Italia turrita (; "Turreted Italy") is the national personification or allegory of Italy, in the appearance of a young woman with her head surrounded by a mural crown completed by towers (hence turrita or "with towers" in Italian). It is often accompanied by the Stella d'Italia ("Star of Italy"), from which the so-called Italia turrita e stellata ("turreted and stellate Italy"), and by other additional attributes, the most common of which is the cornucopia. The allegorical representation with the towers, which draws its origins from ancient Rome, is typical of Italian civic heraldry, so much so that the wall crown is also the symbol of the cities of Italy.
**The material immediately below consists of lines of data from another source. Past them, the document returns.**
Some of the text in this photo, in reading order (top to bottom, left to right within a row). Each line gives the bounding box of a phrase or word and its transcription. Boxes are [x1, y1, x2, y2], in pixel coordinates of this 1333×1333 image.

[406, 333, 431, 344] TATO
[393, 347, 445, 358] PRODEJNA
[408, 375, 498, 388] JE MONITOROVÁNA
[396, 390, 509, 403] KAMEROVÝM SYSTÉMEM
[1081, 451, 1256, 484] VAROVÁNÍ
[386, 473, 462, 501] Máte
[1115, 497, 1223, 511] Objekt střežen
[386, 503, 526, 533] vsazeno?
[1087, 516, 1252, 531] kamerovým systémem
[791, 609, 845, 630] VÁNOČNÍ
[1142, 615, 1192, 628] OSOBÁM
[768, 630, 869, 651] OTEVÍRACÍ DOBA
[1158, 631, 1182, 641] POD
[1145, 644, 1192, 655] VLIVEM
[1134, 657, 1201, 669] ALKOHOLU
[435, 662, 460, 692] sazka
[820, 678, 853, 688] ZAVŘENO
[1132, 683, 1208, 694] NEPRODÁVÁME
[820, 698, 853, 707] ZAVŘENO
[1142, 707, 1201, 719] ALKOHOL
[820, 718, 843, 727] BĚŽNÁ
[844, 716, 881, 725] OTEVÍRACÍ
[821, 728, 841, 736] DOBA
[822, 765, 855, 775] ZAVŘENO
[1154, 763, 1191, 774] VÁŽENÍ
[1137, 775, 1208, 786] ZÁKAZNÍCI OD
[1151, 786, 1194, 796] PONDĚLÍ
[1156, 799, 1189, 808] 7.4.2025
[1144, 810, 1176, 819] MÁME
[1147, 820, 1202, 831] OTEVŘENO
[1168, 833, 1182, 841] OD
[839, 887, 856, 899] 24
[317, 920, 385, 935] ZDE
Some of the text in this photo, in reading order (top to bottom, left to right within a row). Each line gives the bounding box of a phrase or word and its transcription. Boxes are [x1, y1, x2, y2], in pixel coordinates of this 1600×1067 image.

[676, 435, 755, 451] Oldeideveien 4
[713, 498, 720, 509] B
Italia turrita, which is one of the national symbols of Italy, has been widely depicted for centuries in the fields of art, politics and literature. Its most classic aspect, which derives from the primordial myth of the Great Mediterranean Mother and which was definitively specified at the turn of the 16th and 17th centuries by Cesare Ripa, wants to symbolically convey the royalty and nobility of Italian cities (thanks to the presence of crown turrita), the abundance of agricultural crops of the Italian peninsula (represented by the cornucopia) and the shining destiny of Italy (symbolized by the Stella d'Italia).
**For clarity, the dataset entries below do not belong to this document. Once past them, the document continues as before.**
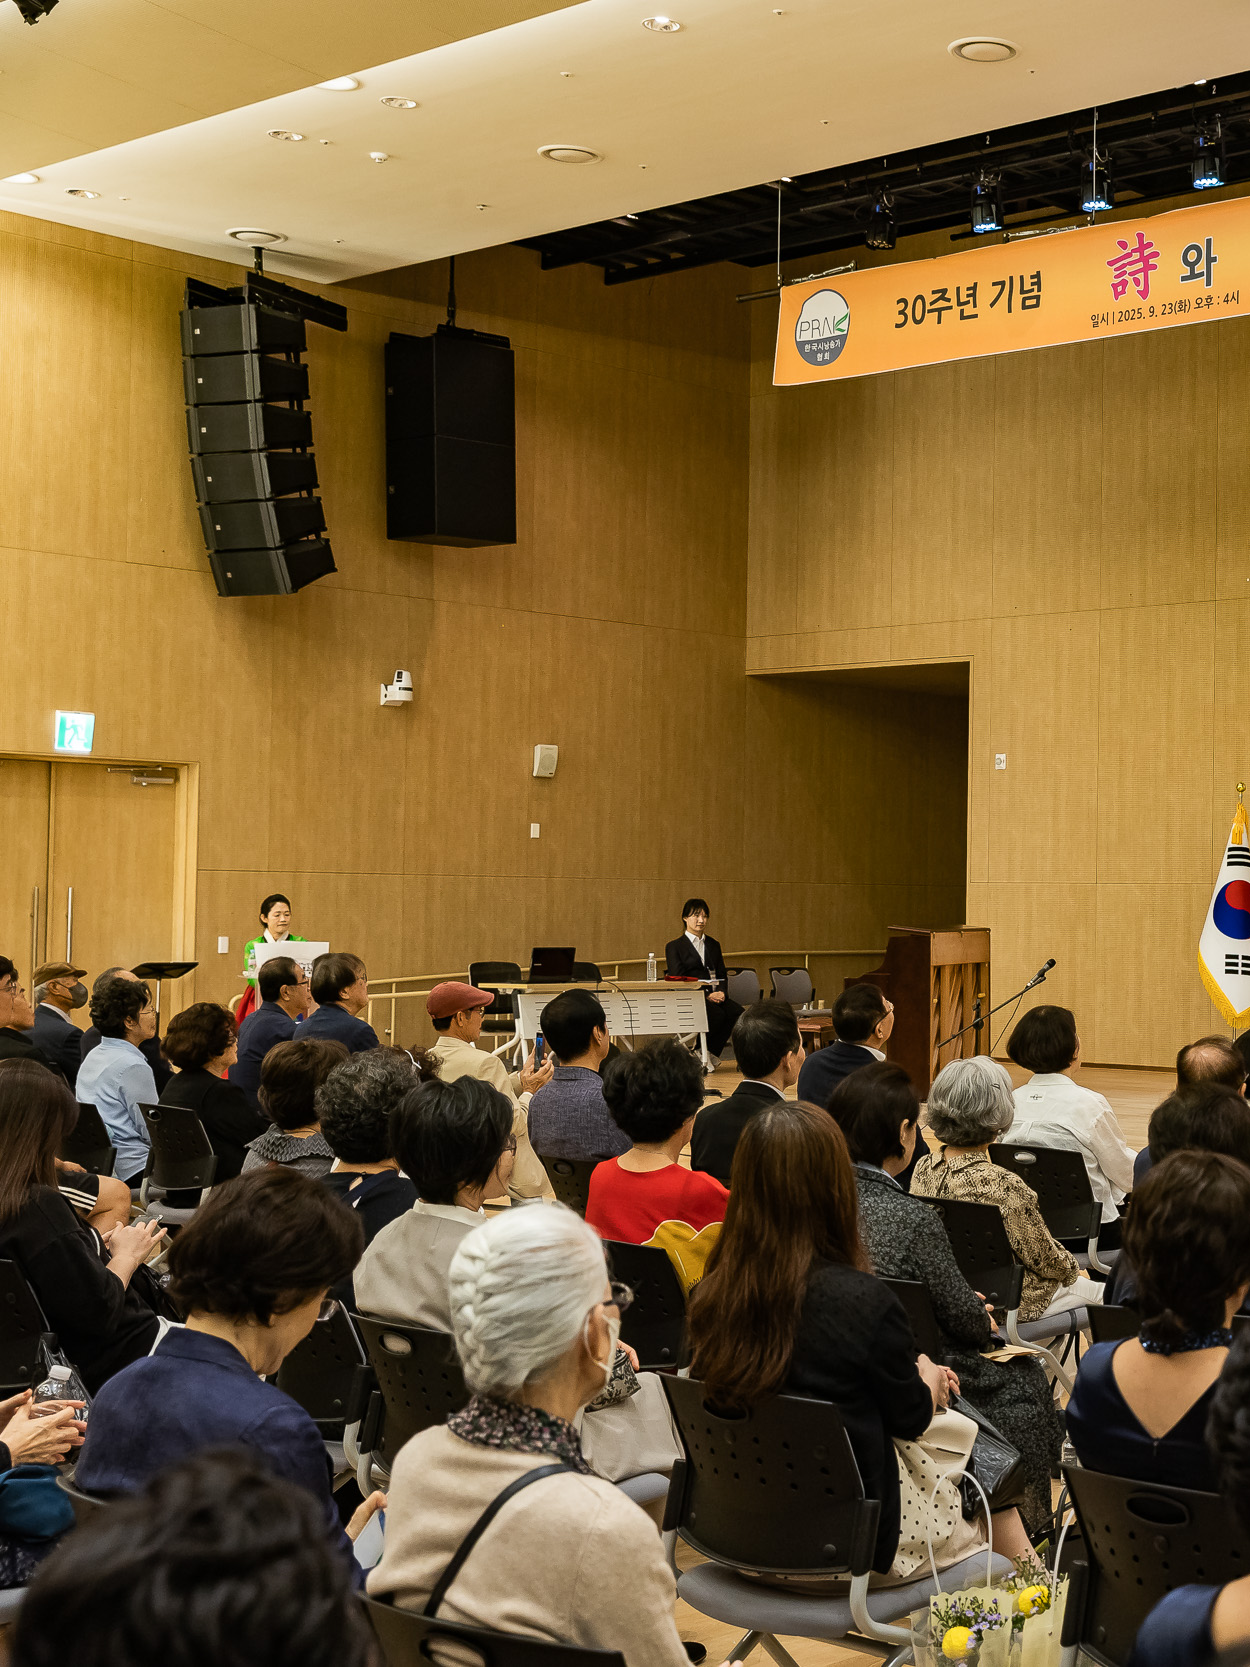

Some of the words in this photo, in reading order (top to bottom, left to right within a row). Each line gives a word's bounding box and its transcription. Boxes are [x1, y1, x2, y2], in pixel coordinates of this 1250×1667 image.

[894, 282, 979, 329] 30주년
[989, 270, 1042, 314] 기념
[1090, 311, 1109, 328] 일시
[1118, 308, 1146, 323] 2025.
[1148, 306, 1158, 318] 9.
[1161, 299, 1191, 316] 23(화)
[1194, 295, 1214, 310] 오후
[804, 339, 841, 353] 한국시낭송가
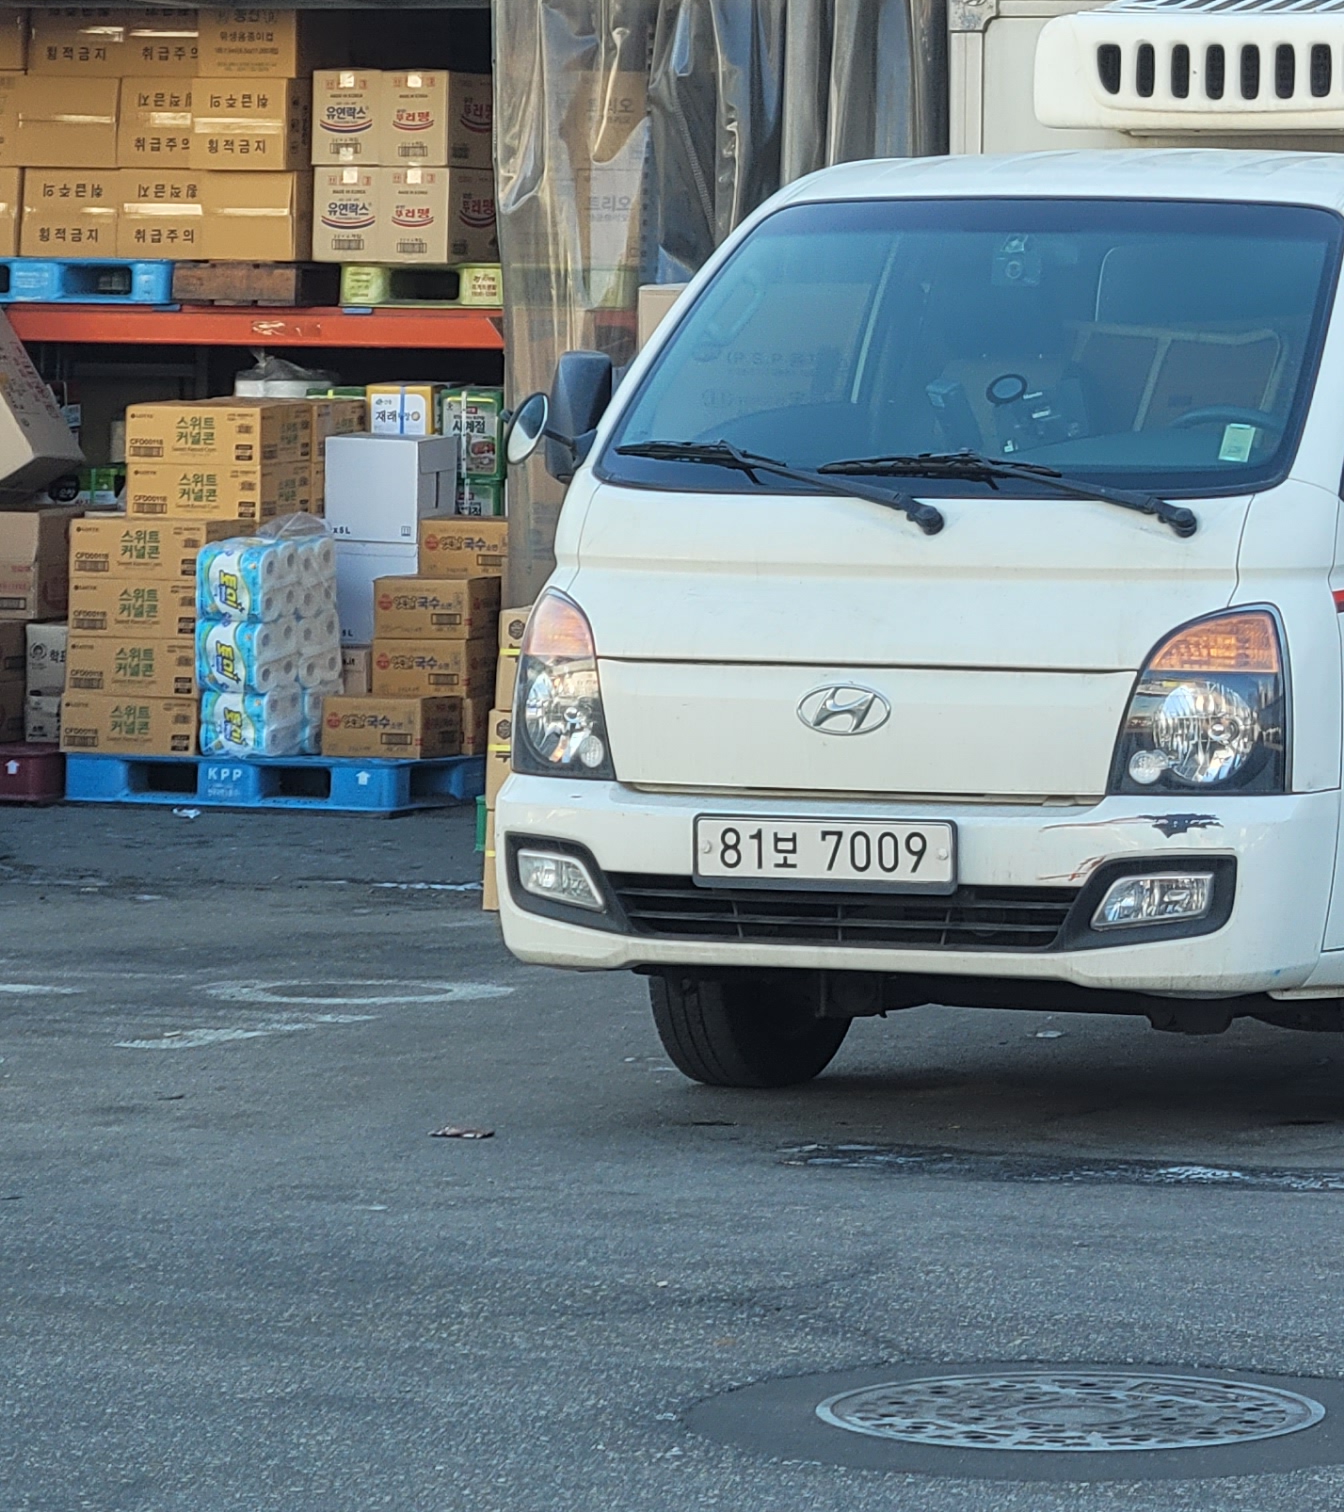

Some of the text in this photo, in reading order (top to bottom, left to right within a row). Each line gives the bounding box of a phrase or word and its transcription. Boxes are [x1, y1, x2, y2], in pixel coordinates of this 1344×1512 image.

[134, 228, 195, 244] 취급주의
[175, 415, 216, 431] 스위트
[375, 409, 411, 423] 재래장
[175, 431, 216, 446] 커널콘
[178, 473, 218, 487] 스위트
[178, 488, 218, 502] 커널콘
[120, 529, 161, 544] 스위트
[120, 545, 161, 559] 커널콘
[118, 588, 159, 602] 스위트
[118, 603, 159, 618] 커널콘
[115, 647, 154, 661] 스위트
[115, 663, 154, 677] 커널콘
[110, 705, 151, 719] 스위트
[110, 720, 150, 735] 커널콘
[207, 767, 242, 781] KPP
[719, 826, 928, 874] 81보 7009
Appearance and representation

The personification of Italy is generally depicted as a woman with a rather luxuriant body, with typical Mediterranean attributes, such as colored complexion and dark hair. Throughout history it has repeatedly changed the attributes with which it is characterized: a bunch of wheat ears in hand (symbol of fertility and reference to the agricultural economy of the Italian peninsula), a sword or a scale, metaphors of justice, or a cornucopia, allegory of abundance; during fascism it also supported one of the symbols of this political movement, the fasces.

After the birth of the Italian flag, which occurred in 1797, it is frequently shown with a green, white and red dress. Above the head of the towered Italy is often depicted a five-pointed star, the so-called Stella d'Italia (symbolizing the shining destiny of Italy), which since the Risorgimento is one of the symbols of the Italian peninsula, from 1948 the dominant element of the emblem of the Italian Republic. The association of the star with Italy is first found in the Iliupersis of Stesichorus, and then in the works of Virgil and other poets. It was added above the personification of Italy in the late imperial era.

However, the classic representation of Italia turrita, originated from a coin minted under the Roman emperor Antoninus Pius, the exhibition sitting on a globe and holding a cornucopia and a scepter in his hand. Over the centuries the iconography of the towered Italy had a constant evolution with the addition and elimination of various attributes: the final version of the personification of the Italian peninsula was defined at the turn of the 16th and 17th centuries thanks to Cesare Ripa.

The classical aspect of Italia turrita, which originates from the primordial myth of the Great Mediterranean Mother, symbolically transmits, according to the presence or absence of some attributes, the royalty and nobility of Italian cities (thanks to the turreted crown), the abundance of the agricultural crops of the Italian peninsula (represented by the cornucopia), the natural wealth of the Italian peninsula (symbolized by the rich mantle), the domination of Italy over the world (symbolized by the globe, which is the allegory of the two periods during which the Italian peninsula was at the center of history: the Roman era and the Rome of the popes), domination over other nations (represented by the scepter) and Italy's shining destiny (thanks to the presence of the Italian Star).

Places of representation
Italia turrita has been depicted throughout history in many national contexts: stamps, honors, coins, monuments, on the passport and, more recently, on the back of the Italian identity card.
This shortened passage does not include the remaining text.